#### [PROBLEM]
The answer must be an exact copy of the entries below, with no images in it.

#### [Data records]
'''
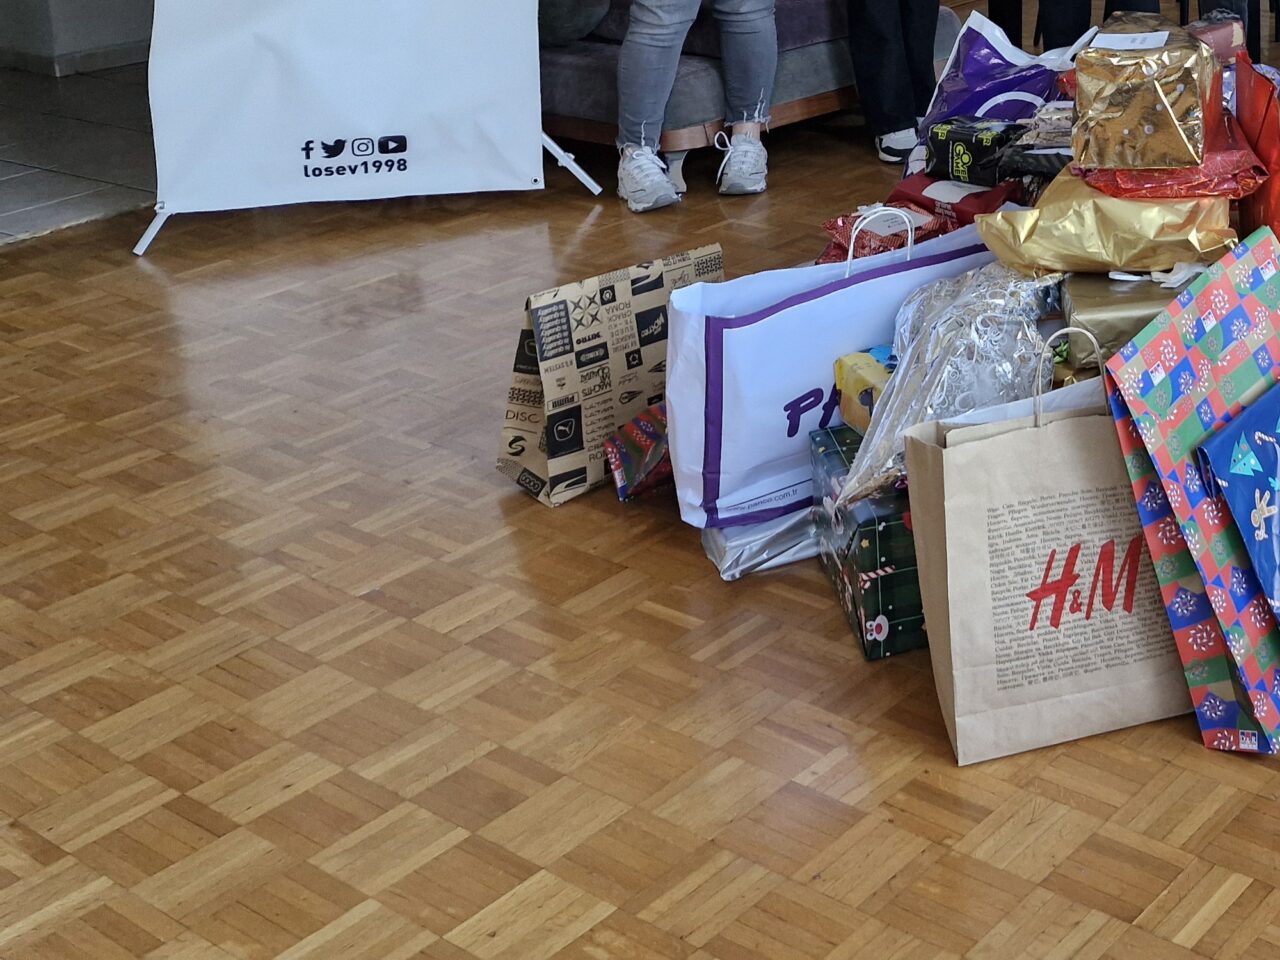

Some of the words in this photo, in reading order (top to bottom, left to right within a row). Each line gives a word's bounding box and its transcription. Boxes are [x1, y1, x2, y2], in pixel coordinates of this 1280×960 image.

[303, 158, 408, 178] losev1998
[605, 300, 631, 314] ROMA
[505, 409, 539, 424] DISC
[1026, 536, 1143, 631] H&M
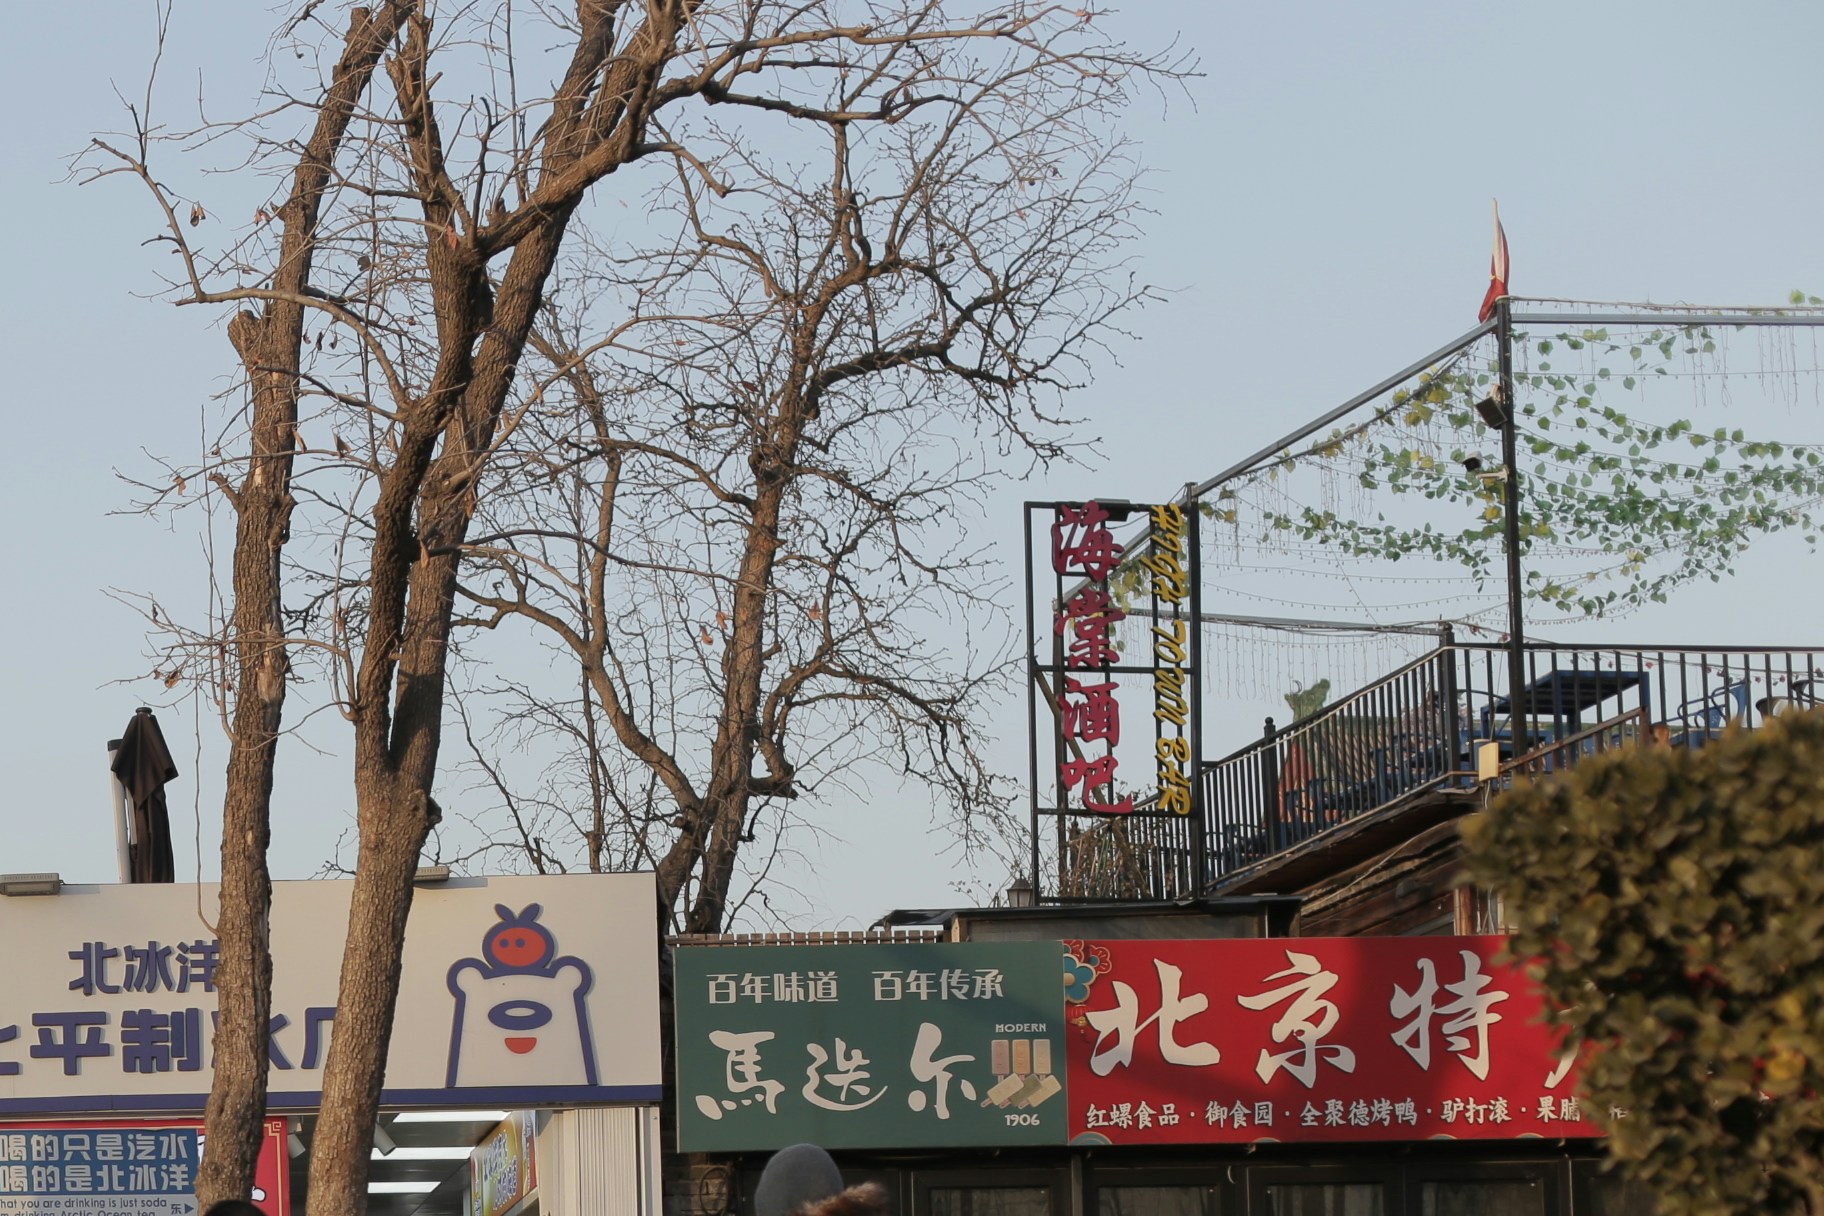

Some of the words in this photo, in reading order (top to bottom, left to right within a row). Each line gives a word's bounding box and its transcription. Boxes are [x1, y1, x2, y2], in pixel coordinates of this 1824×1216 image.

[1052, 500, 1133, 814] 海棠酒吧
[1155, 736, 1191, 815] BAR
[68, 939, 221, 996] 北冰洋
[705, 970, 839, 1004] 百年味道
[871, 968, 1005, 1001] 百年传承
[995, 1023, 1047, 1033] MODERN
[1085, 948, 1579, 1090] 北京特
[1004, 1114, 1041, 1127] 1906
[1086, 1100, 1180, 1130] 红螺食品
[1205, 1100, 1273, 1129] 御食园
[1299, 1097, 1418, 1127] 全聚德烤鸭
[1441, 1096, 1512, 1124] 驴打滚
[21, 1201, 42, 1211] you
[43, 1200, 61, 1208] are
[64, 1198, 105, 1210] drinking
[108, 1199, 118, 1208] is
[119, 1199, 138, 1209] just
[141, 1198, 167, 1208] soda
'''
#### [RESULT OF THIS TASK]
Some of the words in this photo, in reading order (top to bottom, left to right within a row). Each line gives a word's bounding box and its transcription. Boxes are [x1, y1, x2, y2], in pixel coordinates of this 1280×960 image.

[303, 158, 408, 178] losev1998
[605, 300, 631, 314] ROMA
[505, 409, 539, 424] DISC
[1026, 536, 1143, 631] H&M

Some of the words in this photo, in reading order (top to bottom, left to right within a row). Each line gives a word's bounding box and its transcription. Boxes are [x1, y1, x2, y2], in pixel coordinates of this 1824×1216 image.

[1052, 500, 1133, 814] 海棠酒吧
[1155, 736, 1191, 815] BAR
[68, 939, 221, 996] 北冰洋
[705, 970, 839, 1004] 百年味道
[871, 968, 1005, 1001] 百年传承
[995, 1023, 1047, 1033] MODERN
[1085, 948, 1579, 1090] 北京特
[1004, 1114, 1041, 1127] 1906
[1086, 1100, 1180, 1130] 红螺食品
[1205, 1100, 1273, 1129] 御食园
[1299, 1097, 1418, 1127] 全聚德烤鸭
[1441, 1096, 1512, 1124] 驴打滚
[21, 1201, 42, 1211] you
[43, 1200, 61, 1208] are
[64, 1198, 105, 1210] drinking
[108, 1199, 118, 1208] is
[119, 1199, 138, 1209] just
[141, 1198, 167, 1208] soda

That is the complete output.